** AVAILABLE DATA follows **

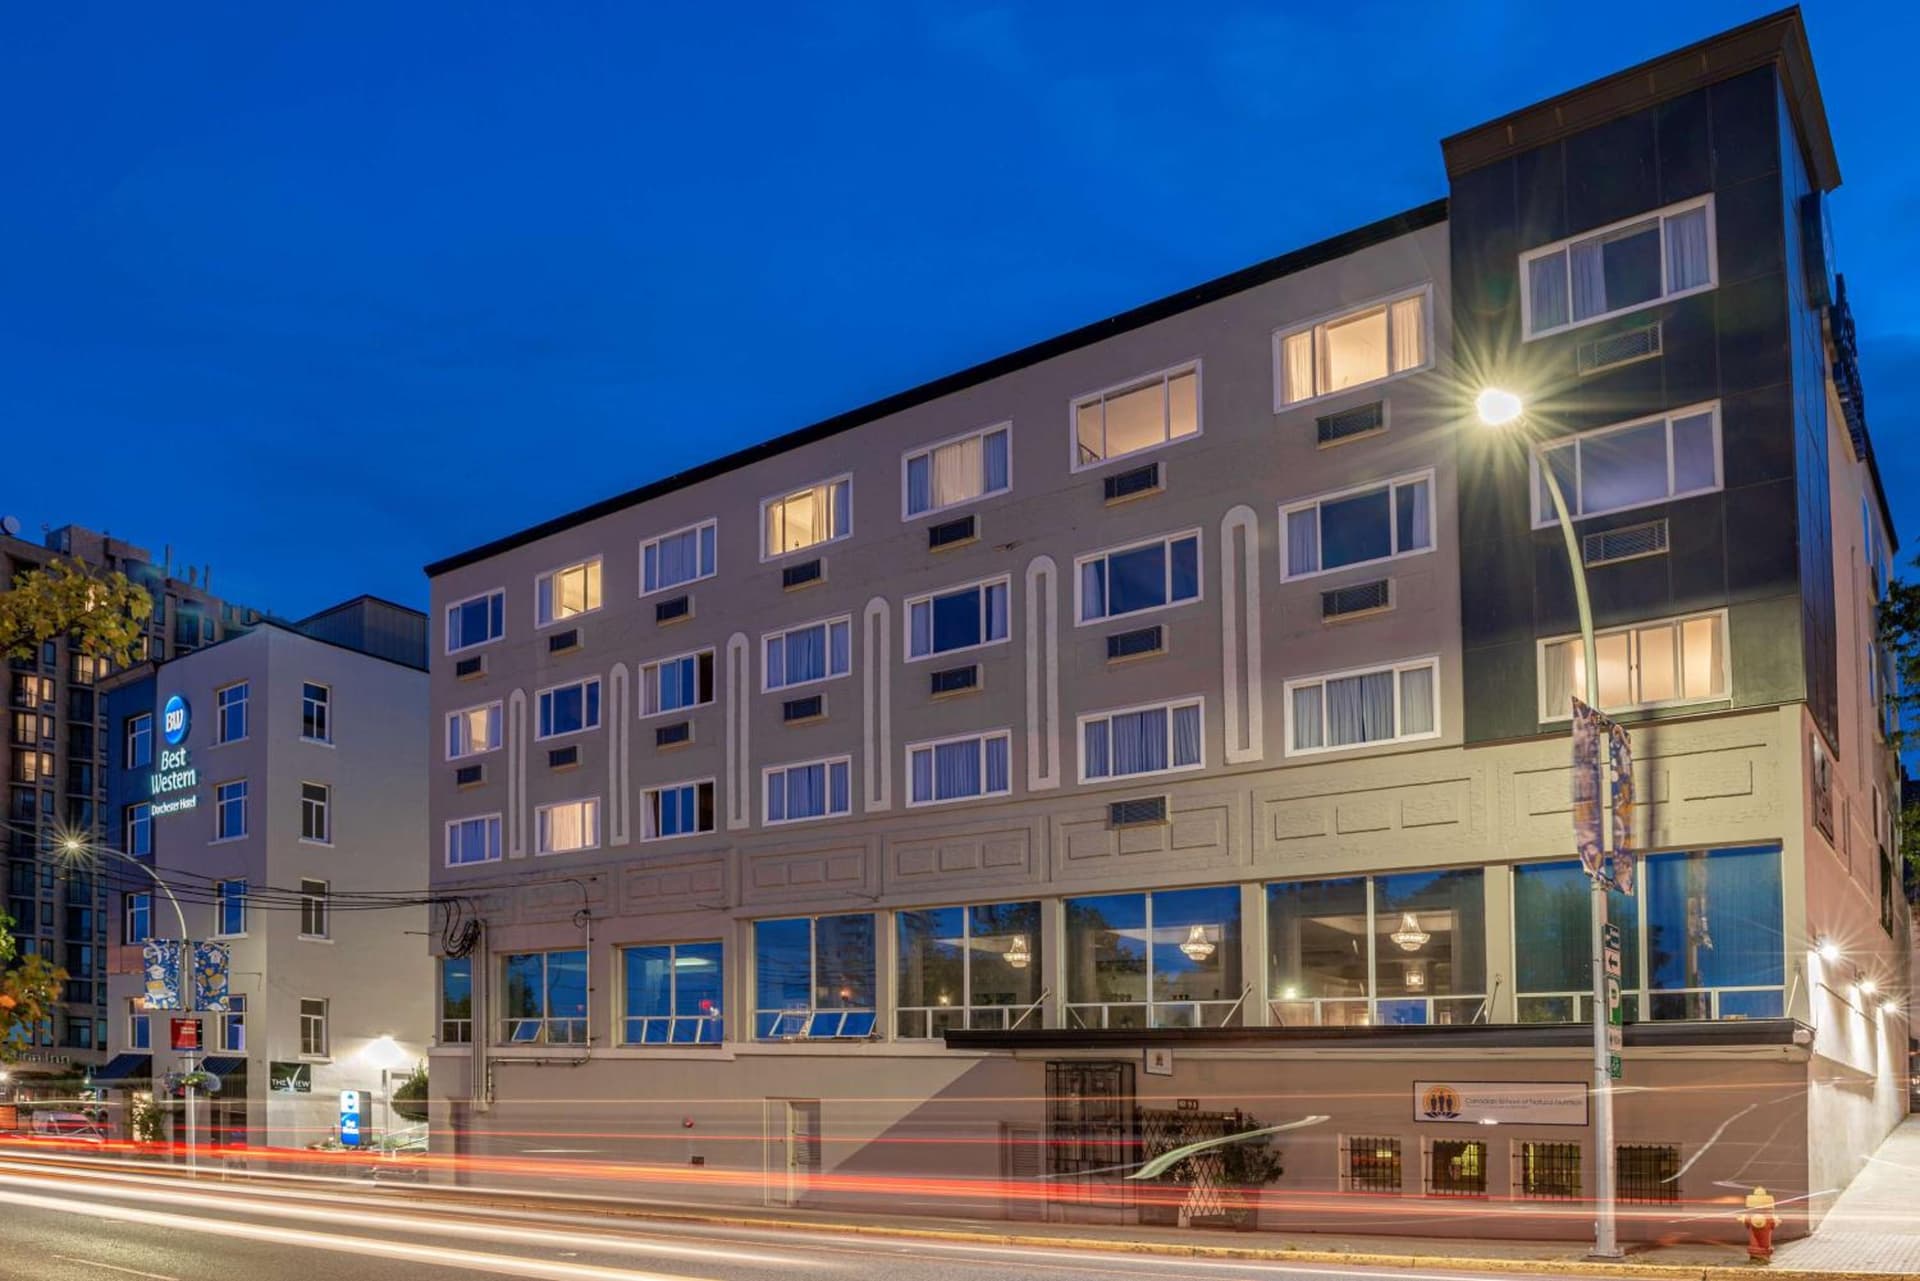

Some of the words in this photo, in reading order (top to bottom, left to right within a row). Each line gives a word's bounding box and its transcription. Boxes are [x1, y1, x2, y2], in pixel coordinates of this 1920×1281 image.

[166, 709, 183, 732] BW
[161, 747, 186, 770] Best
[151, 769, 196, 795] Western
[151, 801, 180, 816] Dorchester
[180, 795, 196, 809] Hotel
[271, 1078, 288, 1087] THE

** End of AVAILABLE DATA **

PROMPT »
An exact copy of the entries above, with no pictures, is the required answer.

SOLVED EXERCISE »
Some of the words in this photo, in reading order (top to bottom, left to right within a row). Each line gives a word's bounding box and its transcription. Boxes are [x1, y1, x2, y2], in pixel coordinates of this 1920×1281 image.

[166, 709, 183, 732] BW
[161, 747, 186, 770] Best
[151, 769, 196, 795] Western
[151, 801, 180, 816] Dorchester
[180, 795, 196, 809] Hotel
[271, 1078, 288, 1087] THE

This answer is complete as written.